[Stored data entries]
:::

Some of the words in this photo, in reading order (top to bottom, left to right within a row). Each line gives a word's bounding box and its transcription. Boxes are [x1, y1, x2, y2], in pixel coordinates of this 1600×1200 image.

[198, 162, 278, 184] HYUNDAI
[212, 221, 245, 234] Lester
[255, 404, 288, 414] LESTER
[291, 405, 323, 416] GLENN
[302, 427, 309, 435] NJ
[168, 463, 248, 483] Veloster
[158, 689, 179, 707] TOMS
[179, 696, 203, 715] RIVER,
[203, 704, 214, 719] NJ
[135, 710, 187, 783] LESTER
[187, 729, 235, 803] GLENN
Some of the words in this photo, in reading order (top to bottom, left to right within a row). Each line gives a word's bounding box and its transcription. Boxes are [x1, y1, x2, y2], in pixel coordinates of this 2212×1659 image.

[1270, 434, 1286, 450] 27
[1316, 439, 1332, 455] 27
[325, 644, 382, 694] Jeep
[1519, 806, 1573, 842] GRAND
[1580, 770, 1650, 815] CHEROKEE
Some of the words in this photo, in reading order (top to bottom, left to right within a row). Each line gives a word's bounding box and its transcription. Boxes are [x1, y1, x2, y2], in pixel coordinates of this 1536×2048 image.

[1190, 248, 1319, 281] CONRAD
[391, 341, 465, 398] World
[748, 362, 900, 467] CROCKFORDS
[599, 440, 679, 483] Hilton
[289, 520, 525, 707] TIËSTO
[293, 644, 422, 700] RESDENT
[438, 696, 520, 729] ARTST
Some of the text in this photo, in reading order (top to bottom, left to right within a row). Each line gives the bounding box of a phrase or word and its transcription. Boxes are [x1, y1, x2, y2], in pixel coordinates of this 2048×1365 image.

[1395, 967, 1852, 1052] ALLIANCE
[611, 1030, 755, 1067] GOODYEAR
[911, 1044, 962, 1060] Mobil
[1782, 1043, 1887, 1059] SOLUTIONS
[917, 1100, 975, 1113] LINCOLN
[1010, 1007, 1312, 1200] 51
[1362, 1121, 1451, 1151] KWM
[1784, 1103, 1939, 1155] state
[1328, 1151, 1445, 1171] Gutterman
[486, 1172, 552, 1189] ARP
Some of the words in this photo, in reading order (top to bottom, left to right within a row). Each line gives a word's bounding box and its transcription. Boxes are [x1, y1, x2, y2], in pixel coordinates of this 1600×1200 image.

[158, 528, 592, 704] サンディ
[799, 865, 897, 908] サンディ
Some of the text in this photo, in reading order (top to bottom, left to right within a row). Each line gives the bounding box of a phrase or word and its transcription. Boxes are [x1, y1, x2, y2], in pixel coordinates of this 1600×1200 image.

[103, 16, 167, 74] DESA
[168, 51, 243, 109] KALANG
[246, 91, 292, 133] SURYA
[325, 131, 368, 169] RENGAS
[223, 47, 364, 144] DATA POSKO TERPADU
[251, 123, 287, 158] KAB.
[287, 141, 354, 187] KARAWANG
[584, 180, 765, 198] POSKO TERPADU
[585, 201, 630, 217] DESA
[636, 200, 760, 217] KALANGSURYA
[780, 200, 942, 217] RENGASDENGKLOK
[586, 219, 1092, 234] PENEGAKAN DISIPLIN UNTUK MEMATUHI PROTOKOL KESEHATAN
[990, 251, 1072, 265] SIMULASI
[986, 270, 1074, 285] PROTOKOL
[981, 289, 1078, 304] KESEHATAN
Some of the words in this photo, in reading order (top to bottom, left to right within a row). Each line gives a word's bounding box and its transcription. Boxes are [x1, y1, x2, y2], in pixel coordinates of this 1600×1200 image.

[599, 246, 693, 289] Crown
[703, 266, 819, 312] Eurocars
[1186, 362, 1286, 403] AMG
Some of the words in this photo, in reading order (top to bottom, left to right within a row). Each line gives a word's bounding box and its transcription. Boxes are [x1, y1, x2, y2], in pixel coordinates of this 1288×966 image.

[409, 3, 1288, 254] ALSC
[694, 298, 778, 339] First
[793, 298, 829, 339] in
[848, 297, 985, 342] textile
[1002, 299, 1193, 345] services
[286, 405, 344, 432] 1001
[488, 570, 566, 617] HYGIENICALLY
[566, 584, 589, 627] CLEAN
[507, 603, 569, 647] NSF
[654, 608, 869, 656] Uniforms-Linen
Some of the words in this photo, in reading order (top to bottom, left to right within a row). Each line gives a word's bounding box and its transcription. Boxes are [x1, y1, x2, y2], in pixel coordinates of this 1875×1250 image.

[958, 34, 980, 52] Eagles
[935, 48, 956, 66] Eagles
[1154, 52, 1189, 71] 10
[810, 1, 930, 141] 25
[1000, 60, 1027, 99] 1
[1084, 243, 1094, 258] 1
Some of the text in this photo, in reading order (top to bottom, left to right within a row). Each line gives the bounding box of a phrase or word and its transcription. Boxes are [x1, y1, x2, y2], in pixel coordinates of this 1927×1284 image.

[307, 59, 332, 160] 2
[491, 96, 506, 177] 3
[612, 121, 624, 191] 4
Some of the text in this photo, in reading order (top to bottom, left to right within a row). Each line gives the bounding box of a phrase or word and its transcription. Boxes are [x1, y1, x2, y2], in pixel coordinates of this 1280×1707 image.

:::

### Activity
Nothing added, nothing dropped: copy the data above.

### Answer area
Some of the words in this photo, in reading order (top to bottom, left to right within a row). Each line gives a word's bounding box and its transcription. Boxes are [x1, y1, x2, y2], in pixel coordinates of this 1600×1200 image.

[198, 162, 278, 184] HYUNDAI
[212, 221, 245, 234] Lester
[255, 404, 288, 414] LESTER
[291, 405, 323, 416] GLENN
[302, 427, 309, 435] NJ
[168, 463, 248, 483] Veloster
[158, 689, 179, 707] TOMS
[179, 696, 203, 715] RIVER,
[203, 704, 214, 719] NJ
[135, 710, 187, 783] LESTER
[187, 729, 235, 803] GLENN
Some of the words in this photo, in reading order (top to bottom, left to right within a row). Each line gives a word's bounding box and its transcription. Boxes are [x1, y1, x2, y2], in pixel coordinates of this 2212×1659 image.

[1270, 434, 1286, 450] 27
[1316, 439, 1332, 455] 27
[325, 644, 382, 694] Jeep
[1519, 806, 1573, 842] GRAND
[1580, 770, 1650, 815] CHEROKEE
Some of the words in this photo, in reading order (top to bottom, left to right within a row). Each line gives a word's bounding box and its transcription. Boxes are [x1, y1, x2, y2], in pixel coordinates of this 1536×2048 image.

[1190, 248, 1319, 281] CONRAD
[391, 341, 465, 398] World
[748, 362, 900, 467] CROCKFORDS
[599, 440, 679, 483] Hilton
[289, 520, 525, 707] TIËSTO
[293, 644, 422, 700] RESDENT
[438, 696, 520, 729] ARTST
Some of the text in this photo, in reading order (top to bottom, left to right within a row). Each line gives the bounding box of a phrase or word and its transcription. Boxes are [x1, y1, x2, y2], in pixel coordinates of this 2048×1365 image.

[1395, 967, 1852, 1052] ALLIANCE
[611, 1030, 755, 1067] GOODYEAR
[911, 1044, 962, 1060] Mobil
[1782, 1043, 1887, 1059] SOLUTIONS
[917, 1100, 975, 1113] LINCOLN
[1010, 1007, 1312, 1200] 51
[1362, 1121, 1451, 1151] KWM
[1784, 1103, 1939, 1155] state
[1328, 1151, 1445, 1171] Gutterman
[486, 1172, 552, 1189] ARP
Some of the words in this photo, in reading order (top to bottom, left to right within a row). Each line gives a word's bounding box and its transcription. Boxes are [x1, y1, x2, y2], in pixel coordinates of this 1600×1200 image.

[158, 528, 592, 704] サンディ
[799, 865, 897, 908] サンディ
Some of the text in this photo, in reading order (top to bottom, left to right within a row). Each line gives the bounding box of a phrase or word and its transcription. Boxes are [x1, y1, x2, y2], in pixel coordinates of this 1600×1200 image.

[103, 16, 167, 74] DESA
[168, 51, 243, 109] KALANG
[246, 91, 292, 133] SURYA
[325, 131, 368, 169] RENGAS
[223, 47, 364, 144] DATA POSKO TERPADU
[251, 123, 287, 158] KAB.
[287, 141, 354, 187] KARAWANG
[584, 180, 765, 198] POSKO TERPADU
[585, 201, 630, 217] DESA
[636, 200, 760, 217] KALANGSURYA
[780, 200, 942, 217] RENGASDENGKLOK
[586, 219, 1092, 234] PENEGAKAN DISIPLIN UNTUK MEMATUHI PROTOKOL KESEHATAN
[990, 251, 1072, 265] SIMULASI
[986, 270, 1074, 285] PROTOKOL
[981, 289, 1078, 304] KESEHATAN
Some of the words in this photo, in reading order (top to bottom, left to right within a row). Each line gives a word's bounding box and its transcription. Boxes are [x1, y1, x2, y2], in pixel coordinates of this 1600×1200 image.

[599, 246, 693, 289] Crown
[703, 266, 819, 312] Eurocars
[1186, 362, 1286, 403] AMG
Some of the words in this photo, in reading order (top to bottom, left to right within a row). Each line gives a word's bounding box and its transcription. Boxes are [x1, y1, x2, y2], in pixel coordinates of this 1288×966 image.

[409, 3, 1288, 254] ALSC
[694, 298, 778, 339] First
[793, 298, 829, 339] in
[848, 297, 985, 342] textile
[1002, 299, 1193, 345] services
[286, 405, 344, 432] 1001
[488, 570, 566, 617] HYGIENICALLY
[566, 584, 589, 627] CLEAN
[507, 603, 569, 647] NSF
[654, 608, 869, 656] Uniforms-Linen
Some of the words in this photo, in reading order (top to bottom, left to right within a row). Each line gives a word's bounding box and its transcription. Boxes are [x1, y1, x2, y2], in pixel coordinates of this 1875×1250 image.

[958, 34, 980, 52] Eagles
[935, 48, 956, 66] Eagles
[1154, 52, 1189, 71] 10
[810, 1, 930, 141] 25
[1000, 60, 1027, 99] 1
[1084, 243, 1094, 258] 1
Some of the text in this photo, in reading order (top to bottom, left to right within a row). Each line gives the bounding box of a phrase or word and its transcription. Boxes are [x1, y1, x2, y2], in pixel coordinates of this 1927×1284 image.

[307, 59, 332, 160] 2
[491, 96, 506, 177] 3
[612, 121, 624, 191] 4
Some of the text in this photo, in reading order (top to bottom, left to right within a row). Each line gives the bounding box of a phrase or word and its transcription. Boxes are [x1, y1, x2, y2], in pixel coordinates of this 1280×1707 image.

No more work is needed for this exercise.